- [About this task]
The data is to be repeated exactly, with the images removed.

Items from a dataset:
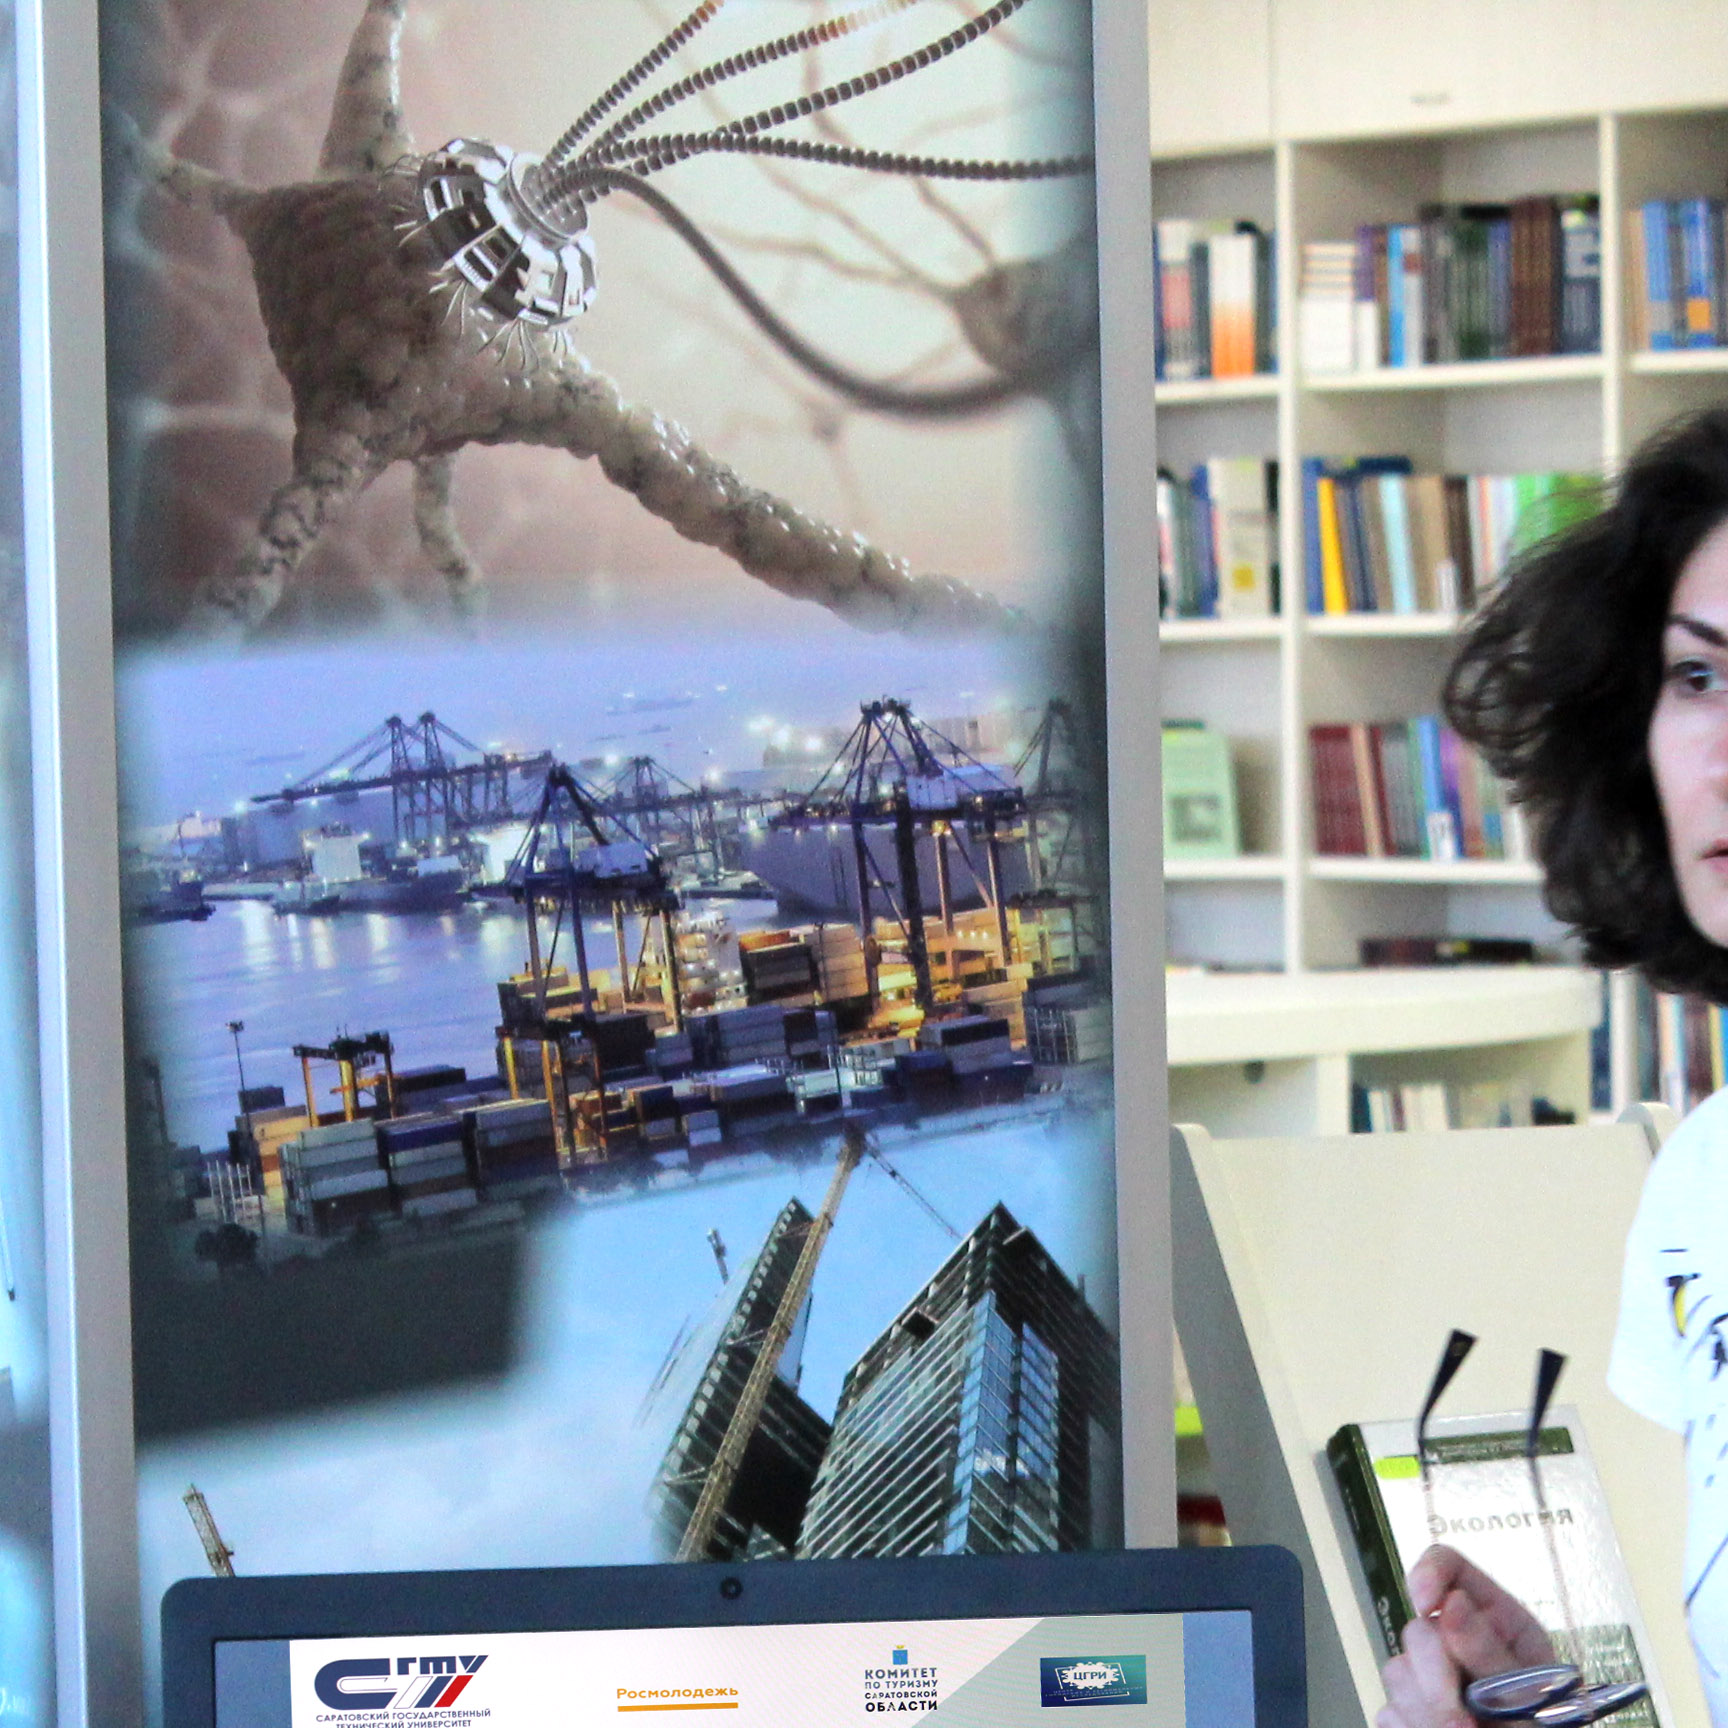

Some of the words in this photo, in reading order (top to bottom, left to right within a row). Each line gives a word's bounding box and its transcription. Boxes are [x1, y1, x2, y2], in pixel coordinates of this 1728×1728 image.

[864, 1667, 938, 1680] КОМИТЕТ
[1073, 1671, 1107, 1680] ЦГРИ
[864, 1681, 881, 1690] ПО
[885, 1679, 939, 1689] ТУРИЗМУ
[616, 1687, 739, 1699] Росмолодежь
[864, 1689, 938, 1700] САРАТОВСКОЙ
[865, 1700, 938, 1713] ОБЛАСТИ
[315, 1712, 390, 1723] САРАТОВСКИЙ
[392, 1708, 491, 1720] ГОСУДАРСТВЕННЫЙ
[407, 1719, 472, 1728] УНИВЕРСИТЕТ
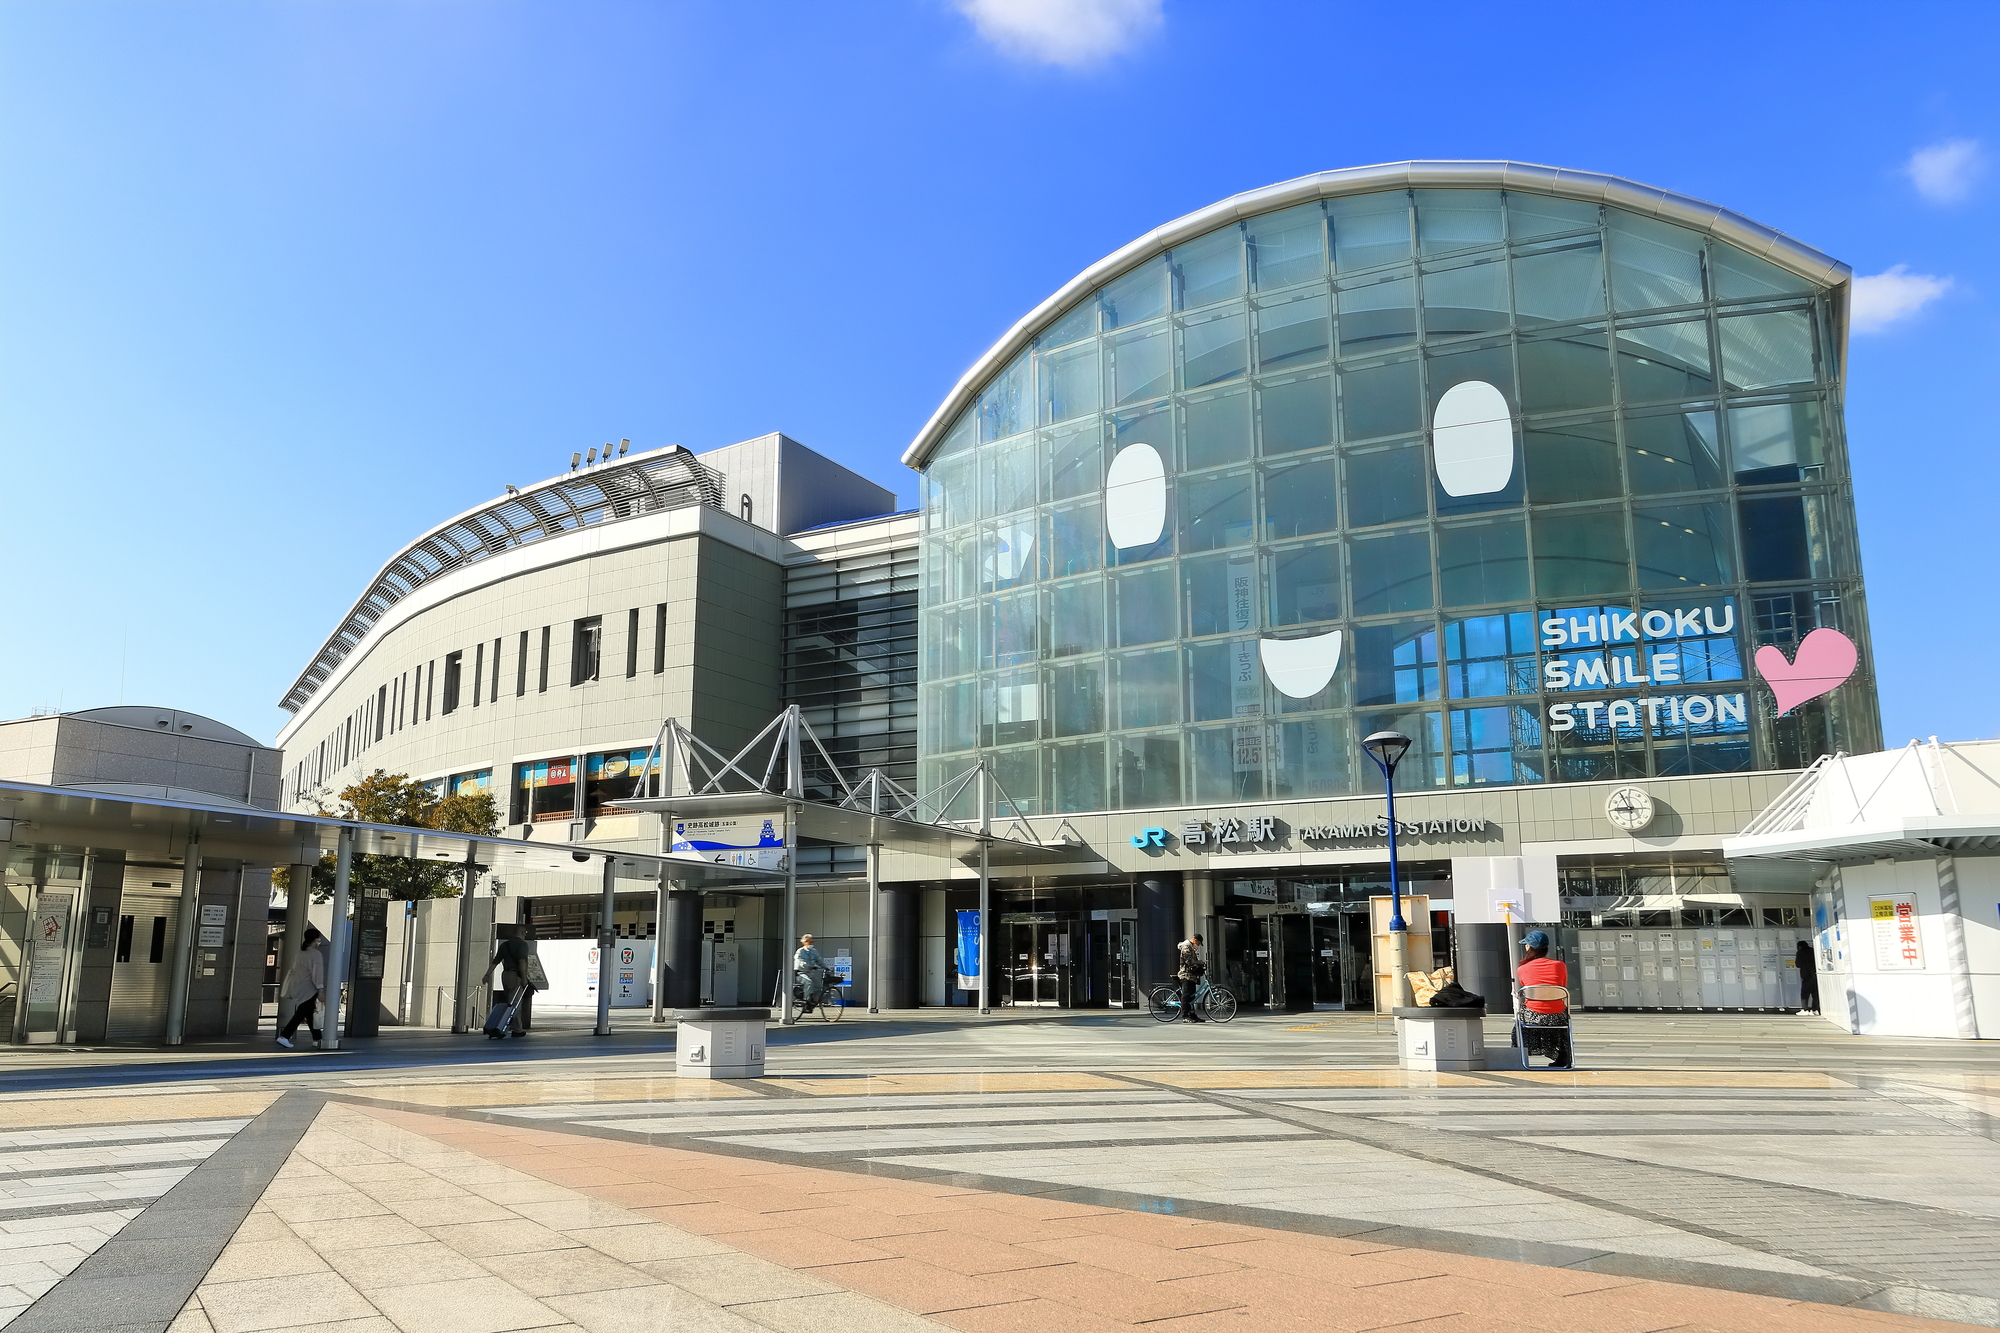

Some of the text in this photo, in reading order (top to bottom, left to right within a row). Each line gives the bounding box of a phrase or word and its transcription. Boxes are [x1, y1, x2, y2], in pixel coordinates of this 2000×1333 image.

- [Task output]
Some of the words in this photo, in reading order (top to bottom, left to right within a row). Each line gives a word's bounding box and its transcription. Boxes are [x1, y1, x2, y2], in pixel coordinates of this 1728×1728 image.

[864, 1667, 938, 1680] КОМИТЕТ
[1073, 1671, 1107, 1680] ЦГРИ
[864, 1681, 881, 1690] ПО
[885, 1679, 939, 1689] ТУРИЗМУ
[616, 1687, 739, 1699] Росмолодежь
[864, 1689, 938, 1700] САРАТОВСКОЙ
[865, 1700, 938, 1713] ОБЛАСТИ
[315, 1712, 390, 1723] САРАТОВСКИЙ
[392, 1708, 491, 1720] ГОСУДАРСТВЕННЫЙ
[407, 1719, 472, 1728] УНИВЕРСИТЕТ

Some of the text in this photo, in reading order (top to bottom, left to right within a row). Each line gives the bounding box of a phrase or word and its transcription. Boxes are [x1, y1, x2, y2], in pixel coordinates of this 2000×1333 image.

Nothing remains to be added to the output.